Mashing down on what she hoped was the accelerator, Cordy was gratified to see the cop disappear under the wheels of the cruiser as the car lurched forward.

GOT IT!” Cordy cried loudly as the wheels bumped over the cop.

Picking up speed, Cordy aimed the car towards the far end of the street as bullets flew over the top of the car or clanged into its rear end. Turning right at the end of the road, she heard Faith fire two single shots at the pursuing cops.

“Hit them?” Cordy asked as she rapidly became familiar with the controls.

“One down,” Faith replied as she calculated how much ammo she had and the probable strength of the ECPD; she came up with a large shortfall, she’d run out of rounds long before she ran out of cops.

“Cordon up ahead, what do I do?” Cordy called as she eased off the accelerator a little.

“SPEED-UP!” Faith cried as she turned in her seat to see a wooden barrier across the road along with two cruisers and half a dozen cops. “Crash it!” Faith instructed as she leaned out of the passenger window.

Pressing down hard on the accelerator, Cordy felt the car pick up speed sluggishly just before the yammer of Faith’s rifle drove all coherent thought from her mind. A couple of cops threw up their arms and fell almost immediately to Faith’s first burst of fire. The surviving cops dived for cover behind their patrol cars before starting to fire back. Bullets clanged into the car as they hit the wooden barrier and Faith fired steadily at the cops who were now exposed to her fire.

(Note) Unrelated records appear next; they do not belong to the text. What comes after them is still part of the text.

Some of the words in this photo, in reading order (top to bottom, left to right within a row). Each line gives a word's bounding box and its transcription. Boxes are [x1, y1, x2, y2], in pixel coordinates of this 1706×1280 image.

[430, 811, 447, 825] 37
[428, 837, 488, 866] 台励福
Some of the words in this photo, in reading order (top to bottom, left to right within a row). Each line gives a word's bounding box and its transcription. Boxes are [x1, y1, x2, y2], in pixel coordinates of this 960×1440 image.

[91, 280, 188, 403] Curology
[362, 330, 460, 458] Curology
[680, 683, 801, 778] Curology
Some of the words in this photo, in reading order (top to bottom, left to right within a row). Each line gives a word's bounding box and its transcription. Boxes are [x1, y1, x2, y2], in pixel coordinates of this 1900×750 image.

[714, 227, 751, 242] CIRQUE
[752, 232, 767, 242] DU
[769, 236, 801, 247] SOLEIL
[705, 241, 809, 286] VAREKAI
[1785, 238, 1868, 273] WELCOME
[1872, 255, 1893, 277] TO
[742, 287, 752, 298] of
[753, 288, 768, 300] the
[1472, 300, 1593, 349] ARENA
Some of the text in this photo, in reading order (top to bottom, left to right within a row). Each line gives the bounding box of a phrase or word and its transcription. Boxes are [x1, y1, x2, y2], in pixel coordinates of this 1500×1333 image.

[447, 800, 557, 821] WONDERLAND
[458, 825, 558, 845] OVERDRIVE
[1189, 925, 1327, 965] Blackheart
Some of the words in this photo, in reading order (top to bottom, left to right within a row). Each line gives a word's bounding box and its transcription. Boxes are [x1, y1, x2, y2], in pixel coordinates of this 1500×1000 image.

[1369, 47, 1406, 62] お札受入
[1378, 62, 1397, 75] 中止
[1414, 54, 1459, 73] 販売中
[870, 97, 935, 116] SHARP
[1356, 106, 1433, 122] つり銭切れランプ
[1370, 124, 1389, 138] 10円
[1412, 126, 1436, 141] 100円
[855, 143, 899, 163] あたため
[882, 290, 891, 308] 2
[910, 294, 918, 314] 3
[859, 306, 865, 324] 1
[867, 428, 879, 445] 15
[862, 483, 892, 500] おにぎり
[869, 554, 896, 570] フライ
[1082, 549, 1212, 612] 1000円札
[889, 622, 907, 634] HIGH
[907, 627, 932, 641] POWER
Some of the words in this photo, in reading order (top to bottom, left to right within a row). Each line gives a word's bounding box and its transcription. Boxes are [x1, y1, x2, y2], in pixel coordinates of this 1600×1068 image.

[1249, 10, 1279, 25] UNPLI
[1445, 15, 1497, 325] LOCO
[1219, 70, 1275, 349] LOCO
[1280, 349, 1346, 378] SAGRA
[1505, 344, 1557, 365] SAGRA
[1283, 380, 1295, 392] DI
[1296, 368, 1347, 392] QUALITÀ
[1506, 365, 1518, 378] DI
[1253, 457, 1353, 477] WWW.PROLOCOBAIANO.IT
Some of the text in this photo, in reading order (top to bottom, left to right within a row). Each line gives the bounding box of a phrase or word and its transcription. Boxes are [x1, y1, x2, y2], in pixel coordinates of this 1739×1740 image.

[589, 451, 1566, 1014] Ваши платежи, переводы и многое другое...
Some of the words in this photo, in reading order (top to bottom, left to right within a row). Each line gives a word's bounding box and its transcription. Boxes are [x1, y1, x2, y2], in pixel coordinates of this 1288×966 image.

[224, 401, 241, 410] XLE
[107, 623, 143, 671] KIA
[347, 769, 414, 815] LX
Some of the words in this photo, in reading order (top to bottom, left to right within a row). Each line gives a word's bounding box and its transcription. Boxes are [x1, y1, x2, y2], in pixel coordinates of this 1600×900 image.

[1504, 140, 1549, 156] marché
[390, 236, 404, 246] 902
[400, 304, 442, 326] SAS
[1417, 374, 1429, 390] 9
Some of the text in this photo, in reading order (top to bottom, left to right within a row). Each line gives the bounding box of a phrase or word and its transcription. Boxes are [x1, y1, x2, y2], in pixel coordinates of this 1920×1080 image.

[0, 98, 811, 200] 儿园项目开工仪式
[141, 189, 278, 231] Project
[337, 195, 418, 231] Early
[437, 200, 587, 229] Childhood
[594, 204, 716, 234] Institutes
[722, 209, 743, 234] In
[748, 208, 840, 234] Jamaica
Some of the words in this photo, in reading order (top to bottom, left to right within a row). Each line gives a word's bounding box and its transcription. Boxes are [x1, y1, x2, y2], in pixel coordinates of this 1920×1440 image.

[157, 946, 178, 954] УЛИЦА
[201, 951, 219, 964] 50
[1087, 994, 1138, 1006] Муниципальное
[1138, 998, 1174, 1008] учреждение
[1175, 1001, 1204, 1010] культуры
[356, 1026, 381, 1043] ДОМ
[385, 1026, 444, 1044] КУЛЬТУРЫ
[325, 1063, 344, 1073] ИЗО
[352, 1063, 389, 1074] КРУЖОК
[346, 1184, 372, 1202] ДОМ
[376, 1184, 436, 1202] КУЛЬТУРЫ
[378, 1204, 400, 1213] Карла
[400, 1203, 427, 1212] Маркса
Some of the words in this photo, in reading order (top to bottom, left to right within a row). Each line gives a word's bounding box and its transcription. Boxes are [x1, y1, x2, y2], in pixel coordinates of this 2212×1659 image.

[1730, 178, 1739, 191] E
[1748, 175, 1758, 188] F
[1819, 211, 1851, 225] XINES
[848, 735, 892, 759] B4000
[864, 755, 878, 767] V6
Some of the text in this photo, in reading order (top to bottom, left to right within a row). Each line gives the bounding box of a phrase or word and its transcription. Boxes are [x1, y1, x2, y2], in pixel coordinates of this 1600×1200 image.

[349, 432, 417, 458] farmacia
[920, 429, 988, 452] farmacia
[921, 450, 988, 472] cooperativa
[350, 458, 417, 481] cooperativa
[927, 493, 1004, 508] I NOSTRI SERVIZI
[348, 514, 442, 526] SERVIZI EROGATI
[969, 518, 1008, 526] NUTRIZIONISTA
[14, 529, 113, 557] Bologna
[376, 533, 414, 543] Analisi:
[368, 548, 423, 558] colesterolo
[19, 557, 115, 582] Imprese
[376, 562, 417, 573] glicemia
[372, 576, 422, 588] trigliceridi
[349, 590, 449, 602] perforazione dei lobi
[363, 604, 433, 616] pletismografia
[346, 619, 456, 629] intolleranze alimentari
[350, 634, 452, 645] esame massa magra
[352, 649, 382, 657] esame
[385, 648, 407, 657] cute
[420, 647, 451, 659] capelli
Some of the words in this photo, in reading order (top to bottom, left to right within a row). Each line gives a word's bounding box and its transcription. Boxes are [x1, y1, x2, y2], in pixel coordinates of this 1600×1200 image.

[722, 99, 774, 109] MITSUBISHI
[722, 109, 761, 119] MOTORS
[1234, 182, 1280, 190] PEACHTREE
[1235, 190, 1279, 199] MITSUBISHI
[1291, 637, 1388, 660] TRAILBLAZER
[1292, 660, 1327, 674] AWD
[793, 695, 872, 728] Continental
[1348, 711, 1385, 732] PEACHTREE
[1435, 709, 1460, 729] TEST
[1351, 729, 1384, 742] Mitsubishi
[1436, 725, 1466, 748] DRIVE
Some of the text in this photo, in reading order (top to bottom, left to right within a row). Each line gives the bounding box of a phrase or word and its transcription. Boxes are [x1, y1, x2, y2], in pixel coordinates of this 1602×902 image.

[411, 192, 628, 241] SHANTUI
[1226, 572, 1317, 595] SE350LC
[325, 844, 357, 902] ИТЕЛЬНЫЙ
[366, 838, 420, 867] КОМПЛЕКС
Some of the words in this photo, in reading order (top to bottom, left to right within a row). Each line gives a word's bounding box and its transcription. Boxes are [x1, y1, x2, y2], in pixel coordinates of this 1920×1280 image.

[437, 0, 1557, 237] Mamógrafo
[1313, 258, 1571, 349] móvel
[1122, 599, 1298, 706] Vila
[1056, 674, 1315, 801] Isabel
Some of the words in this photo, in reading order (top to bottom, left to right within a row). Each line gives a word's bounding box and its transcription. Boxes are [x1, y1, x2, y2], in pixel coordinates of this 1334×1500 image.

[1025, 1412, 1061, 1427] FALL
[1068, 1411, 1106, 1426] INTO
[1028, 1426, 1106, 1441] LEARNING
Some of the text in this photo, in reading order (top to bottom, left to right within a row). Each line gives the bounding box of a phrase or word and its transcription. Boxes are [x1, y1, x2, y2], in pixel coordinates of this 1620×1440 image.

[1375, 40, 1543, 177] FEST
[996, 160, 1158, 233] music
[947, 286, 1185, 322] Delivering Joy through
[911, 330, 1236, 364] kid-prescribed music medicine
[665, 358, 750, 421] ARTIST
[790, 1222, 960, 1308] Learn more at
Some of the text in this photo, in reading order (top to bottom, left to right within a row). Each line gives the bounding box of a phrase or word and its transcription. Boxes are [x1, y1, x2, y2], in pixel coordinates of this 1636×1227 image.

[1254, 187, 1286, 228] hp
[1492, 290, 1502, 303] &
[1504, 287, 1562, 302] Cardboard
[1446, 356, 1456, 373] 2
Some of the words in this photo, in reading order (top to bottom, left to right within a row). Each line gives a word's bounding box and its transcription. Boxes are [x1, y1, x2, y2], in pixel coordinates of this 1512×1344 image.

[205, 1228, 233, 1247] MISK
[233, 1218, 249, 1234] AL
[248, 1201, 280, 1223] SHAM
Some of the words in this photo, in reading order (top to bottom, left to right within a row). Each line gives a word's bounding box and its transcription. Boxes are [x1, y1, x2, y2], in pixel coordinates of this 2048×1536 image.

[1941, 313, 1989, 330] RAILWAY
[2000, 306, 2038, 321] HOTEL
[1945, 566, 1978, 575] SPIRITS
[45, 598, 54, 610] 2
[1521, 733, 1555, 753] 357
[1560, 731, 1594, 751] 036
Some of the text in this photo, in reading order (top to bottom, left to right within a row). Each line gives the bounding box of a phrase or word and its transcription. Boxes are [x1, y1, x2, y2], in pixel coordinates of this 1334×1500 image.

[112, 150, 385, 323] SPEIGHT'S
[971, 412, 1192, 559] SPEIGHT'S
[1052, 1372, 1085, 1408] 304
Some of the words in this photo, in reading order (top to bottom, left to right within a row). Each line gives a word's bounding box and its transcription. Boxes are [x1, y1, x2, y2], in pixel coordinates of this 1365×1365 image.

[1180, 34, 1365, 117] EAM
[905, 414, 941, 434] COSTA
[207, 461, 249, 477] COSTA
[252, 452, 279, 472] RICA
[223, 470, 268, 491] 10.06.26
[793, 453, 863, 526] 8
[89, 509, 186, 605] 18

They swerved down the road chased by a few rounds fired by the surviving police, Faith changed magazines.

“Down to six, Cordy,” Faith pointed out, “This can’t go on.”

“I know!” Cordy skidded into another side street as she made random turns in the hopes of throwing off their pursuers.

“Look,” Faith watched the deserted streets around them for trouble, “we’ve got to break contact or we’ll never get to the wizard’s joint.”

“I’m trying,” Cordy explained as she turned the wheel and drove them out into a wide plaza. “CRAP!”

Staring out the windscreen, Cordy and Faith saw that the plaza was full of just about every cop they’d not already shot. Lights flashed on top of cruisers and cops pointed pistols and shotguns from the cover of their cars.

“BACK UP! BACK UP!” Yelled Faith as she turned to find their escape route had already been blocked off; Faith looked at Cordy and sighed sadly, “Looks like we’re screwed…what ya wanna do?”

0=0=0=0


	12. Chapter 12

12.

**The Wizard’s Palace, Emerald City.**

“How ya doing?” Faith asked as she lowered herself slowly onto the floor of the cell where she and Cordy awaited their fate.

“Not so bad,” Cordelia replied as she shifted slightly on the hard floor, “considering I’ve had the crap kicked out of me!”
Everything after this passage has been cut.